Le dimanche 16
janvier 1944, soir.
(édition de 1985).
351> 52.1 - Les
noces de Cana : Je vois une maison, une vraie maison orientale : un
cube blanc plus large que haut, avec de rares ouvertures, surmontée d'une
terrasse qui sert de toit et est entourée d'un muret de un mètre environ et
ombragée par une tonnelle de vigne qui grimpe jusque là et étend ses rameaux
au delà du milieu de cette terrasse ensoleillée.

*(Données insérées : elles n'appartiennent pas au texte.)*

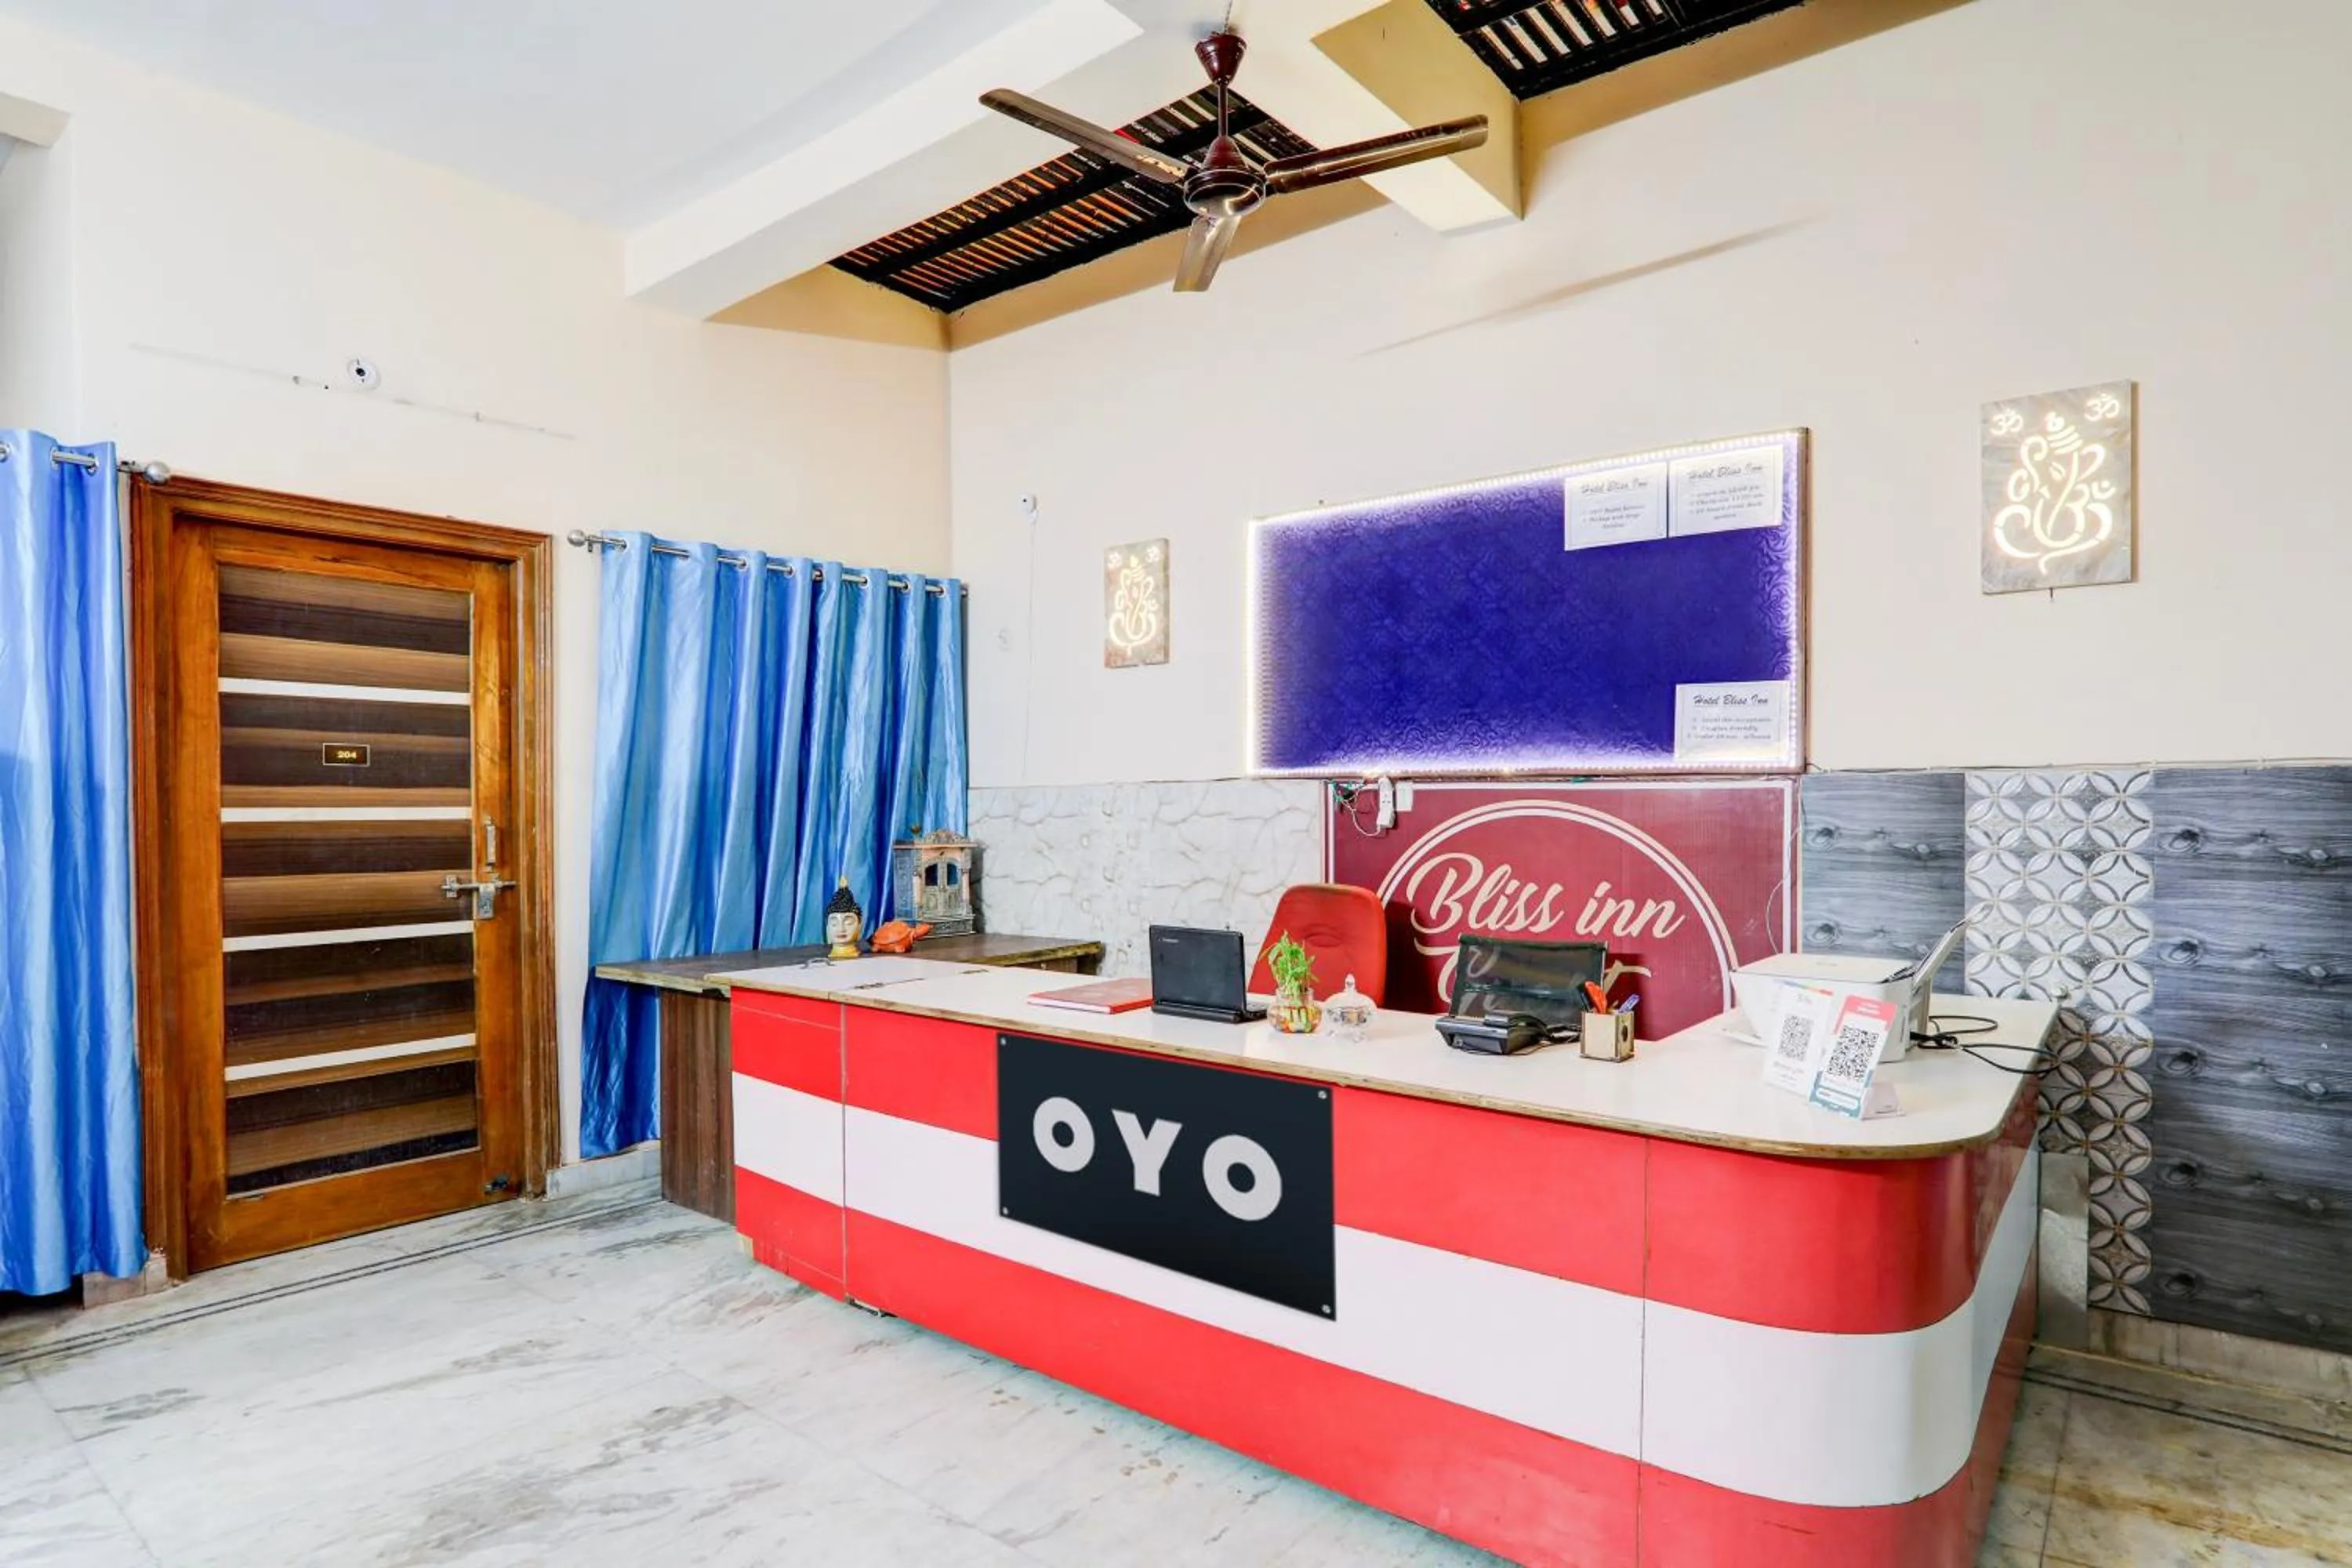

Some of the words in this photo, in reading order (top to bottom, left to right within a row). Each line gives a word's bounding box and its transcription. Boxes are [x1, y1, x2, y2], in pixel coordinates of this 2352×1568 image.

Un escalier extérieur monte le long de la façade au niveau
d'une porte qui s'ouvre à mi-hauteur de la façade. Au dessous, il y a au
niveau du sol des portes basses et rares, pas plus de deux de chaque côté,
qui donnent accès dans des pièces basses et sombres. La maison s'élève au
milieu d'une espèce de cour plutôt une pelouse, au centre de laquelle se
trouve un puits. Il y a des figuiers et des pommiers. La maison donne sur la
route sans être à bord de route. Elle est un peu en retrait et un sentier traverse
la pelouse jusqu'à la route qui semble être une maîtresse route.
On dirait que la maison est à la périphérie de Cana : maison de paysans
propriétaires qui vivent au milieu de leur petit domaine. La campagne s'étend
au delà de la maison avec ses lointains de tranquille verdure. Il fait un
beau soleil et l'azur du ciel est très pur. Au début, je ne vois rien
d'autre. La maison est solitaire.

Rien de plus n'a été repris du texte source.